Health department offering thermometer exchange
http://www.chieftain.com/metro/1171717202/3

By JAMES AMOS
THE PUEBLO CHIEFTAIN

If you’ve got mercury thermometers, old medications or used hypodermic needles, the Pueblo City-County Health Department has a way to help you get rid of them.

The health department offers disposal services for both the thermometers and the needles, and it can help you get rid of the unused or outdated medications in a way that won’t hurt people or the environment.

All three services have been offered by the Pueblo health department for a while, according to Katie Davis, a microbiologist at the department’s laboratory.

But people still call the department to ask what they should do, she said.

Mercury thermometers can be brought to the health department itself and exchanged for free digital thermometers, which don’t have mercury in them.

Health department spokeswoman Sarah Bruestle said mercury thermometers can break open and spill mercury. Mercury vapor is very hazardous to humans, especially children.

Mercury is the shiny silver liquid metal in older thermometers, as well as thermostats, motion switches and some other devices.

Thermometers with a red liquid inside - which is alcohol - are safe to keep and use, she said.

The health department collected about 400 mercury thermometers last year, Davis said. The thermometers are sent to a company that breaks them open and recycles the mercury.

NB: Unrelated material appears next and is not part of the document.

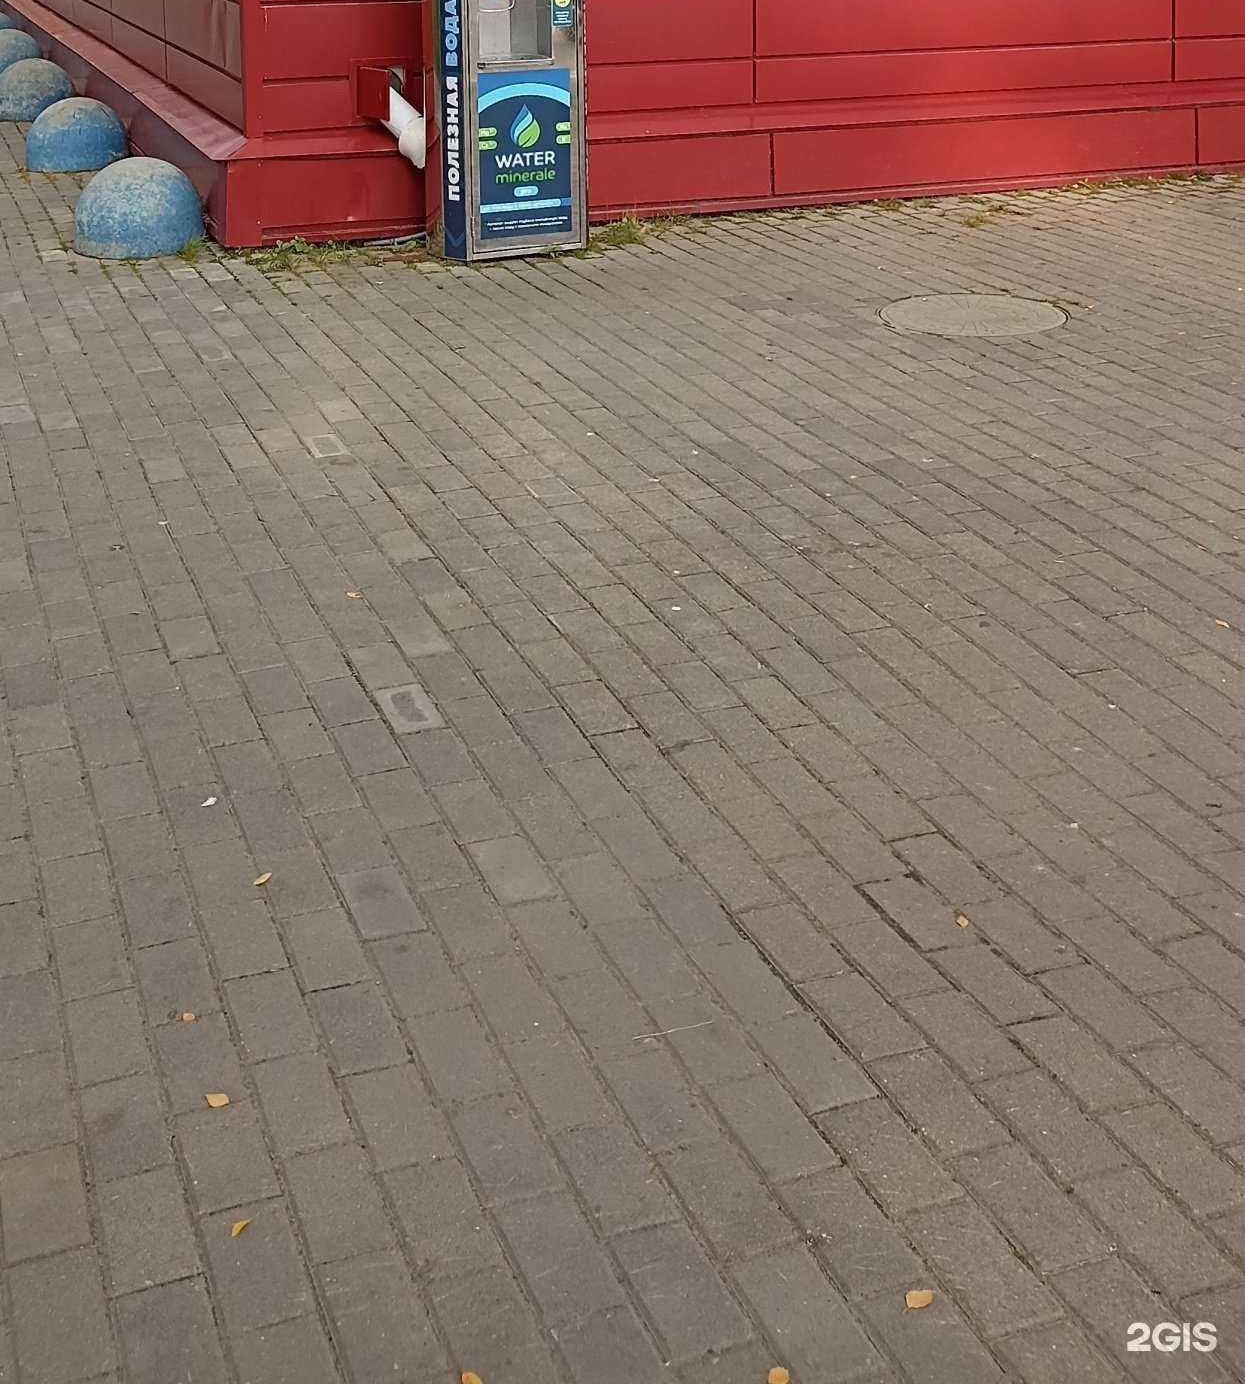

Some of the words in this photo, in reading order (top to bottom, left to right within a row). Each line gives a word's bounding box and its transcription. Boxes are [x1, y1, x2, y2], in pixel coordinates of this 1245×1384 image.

[445, 0, 460, 67] ВОДА
[446, 76, 460, 201] ПОЛЕЗНАЯ
[495, 150, 556, 169] WATER
[495, 167, 556, 184] minerale

People also call the health department to ask what they should do if they spill mercury, Bruestle said.

Because mercury vapor is toxic, Bruestle said you should open a window to get air circulating. Then gather up the mercury in paper towels or something else and put it inside a re-sealable plastic bag, and put that inside another re-sealable bag. The health department will dispose of the mercury for you, Bruestle said, or you can keep it to turn in at the department’s household hazardous materials clean-up day in May 2008.

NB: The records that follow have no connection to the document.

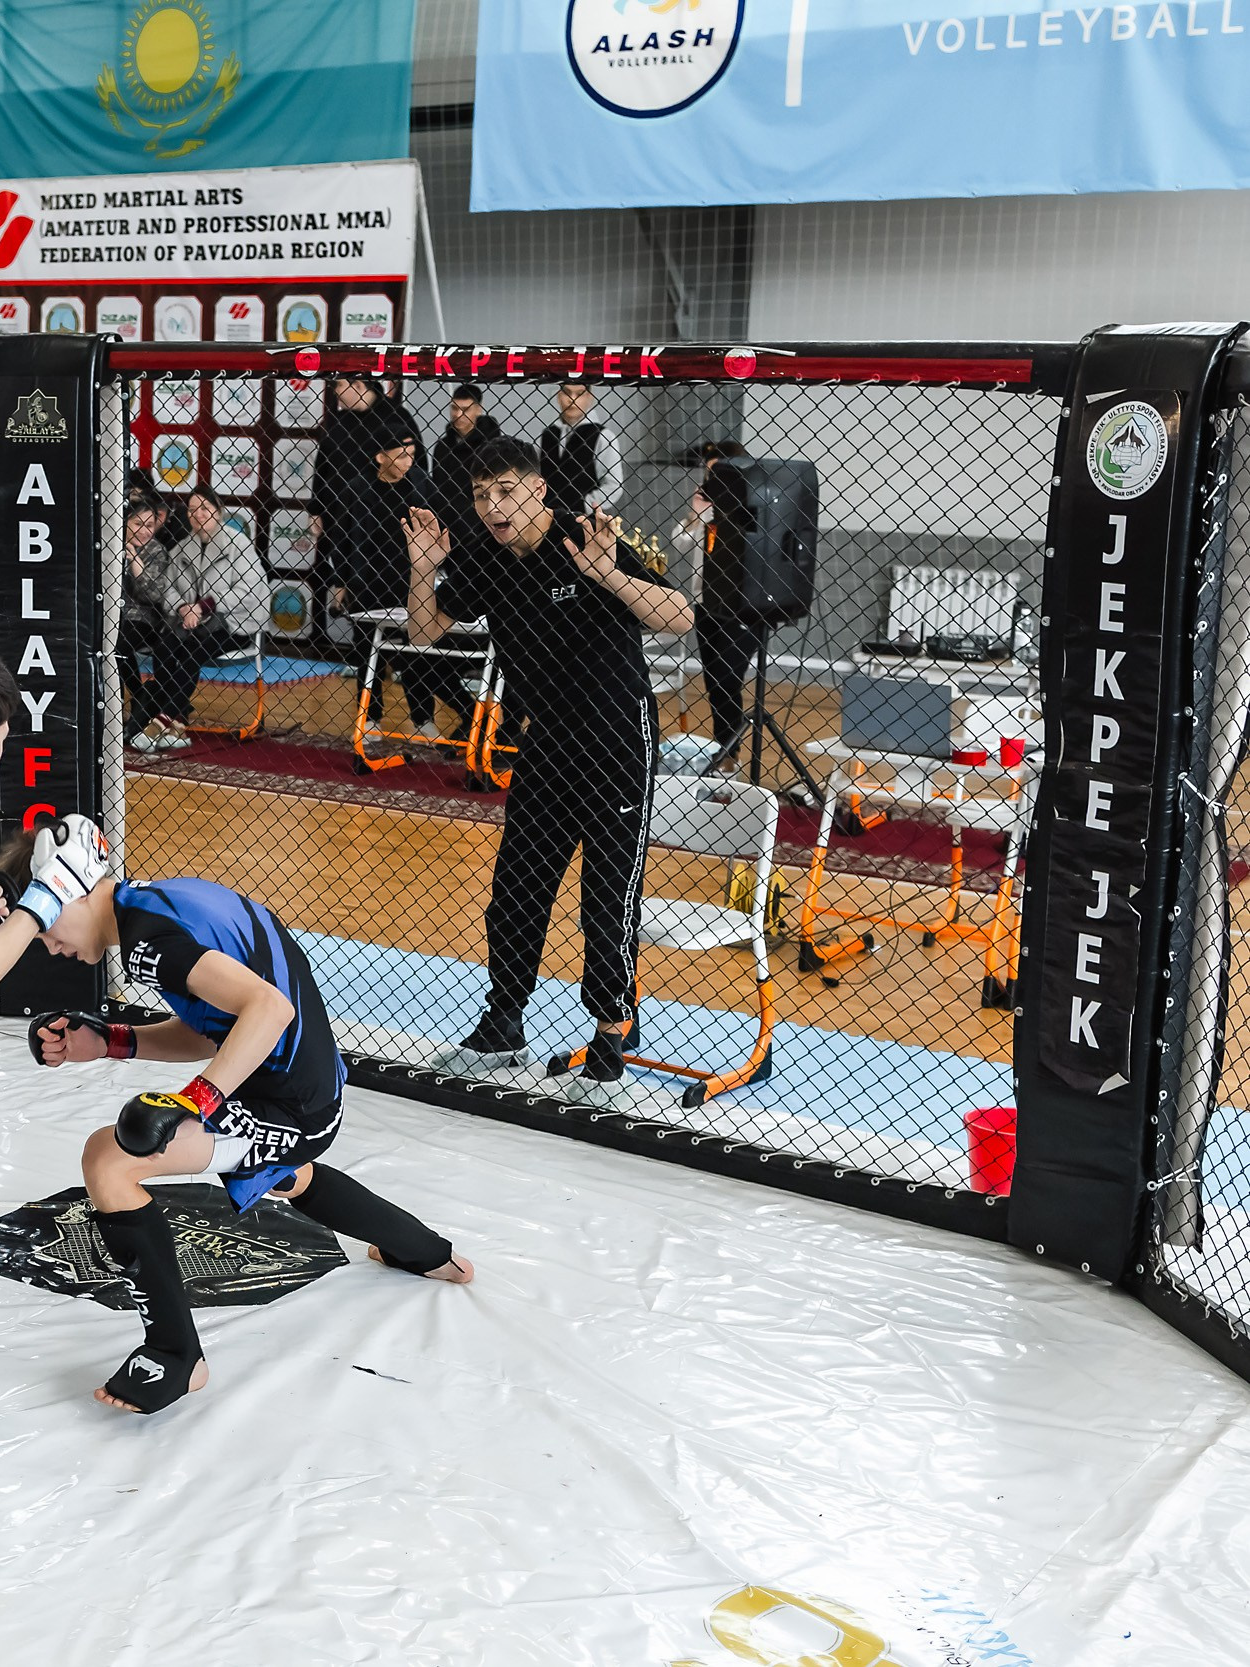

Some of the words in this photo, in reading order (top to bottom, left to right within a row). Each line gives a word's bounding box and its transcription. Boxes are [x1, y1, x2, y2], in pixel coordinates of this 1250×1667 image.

[591, 28, 715, 54] ALASH
[902, 0, 1245, 55] VOLLEYBALL
[608, 54, 694, 68] VOLLEYBALL
[40, 193, 97, 210] MIXED
[103, 190, 188, 208] MARTIAL
[194, 188, 243, 206] ARTS
[39, 218, 130, 238] (AMATEUR
[136, 218, 177, 235] AND
[183, 213, 330, 234] PROFESSIONAL
[336, 207, 391, 230] MMA)
[40, 245, 147, 263] FEDERATION
[154, 245, 177, 261] OF
[183, 243, 285, 261] PAVLODAR
[291, 241, 364, 259] REGION
[371, 345, 527, 377] JEKPE
[568, 346, 666, 378] JEK
[1136, 404, 1157, 421] SPORT
[1085, 514, 1127, 832] JEKPE
[128, 940, 149, 982] EEN
[1069, 870, 1110, 1050] JEK

Getting rid of used hypodermic needles properly is important because the needles can poke garbage workers and infect them, or just scare them.

The health department has two options for diabetics, cancer patients and other who regularly use syringes.

You can buy a "sharps" container from the department for $8 or $15, she said, fill it and return it to the health department for proper disposal. The purchase price includes the cost of disposal.

Or the health department can point you to several companies that offer the same sort or service, or which sell needle "disintegration" machines that use a short plasma arch to melt the needle into a clump.

Syringe users once were told just to toss their used needles in detergent bottles or other heavy plastic containers.

But Bruestle said trash is compacted now and the bottles can break open, spilling the needles out and putting trash workers at risk.

The health department doesn’t dispose of old or unused medications, Davis said. But it can help people get rid of them in a safe way.

If a person can, they should keep their old medications and bring them to the clean-up day in May 2008, she said.

But if someone wants to get rid of their old medications sooner, they can throw them away after they’ve taken any patient’s name off the bottle and made sure no one will get the medications before the trash workers come.

The department used to tell people to flush unused or outdated medications down the toilet, Davis said.

But a city’s sewage treatment plant isn’t designed to remove pharmaceutical chemicals, so they can hurt the environment, she said.

Bruestle said one study showed the fish below Front Range sewage treatment plants were all hermaphrodites, having both male and female sexual tissues. That shows that residual chemicals in water from treatment plants - in this case certain hormones - can cause problems for aquatic life.

Also, flushing antibiotics can make germs in the outside world more resistant to antibiotics, she said.

So Davis said people should take their names off the medication bottle and try to make the medication as unpalatable as possible so no one will ingest it later.

Sawdust or cat litter can be added to liquid medications, she said. Solid medications can be mixed with cayenne pepper sauce or anything else nontoxic to make them inedible.

Chemotherapy drugs shouldn’t be thrown away at all, according to Davis, because they are toxic. They should be returned to the patient’s hospital.

The digital thermometer exchange will be held only as long as the health department’s supplies last, Davis said, but "it’s not like we only have six of them. We have a lot."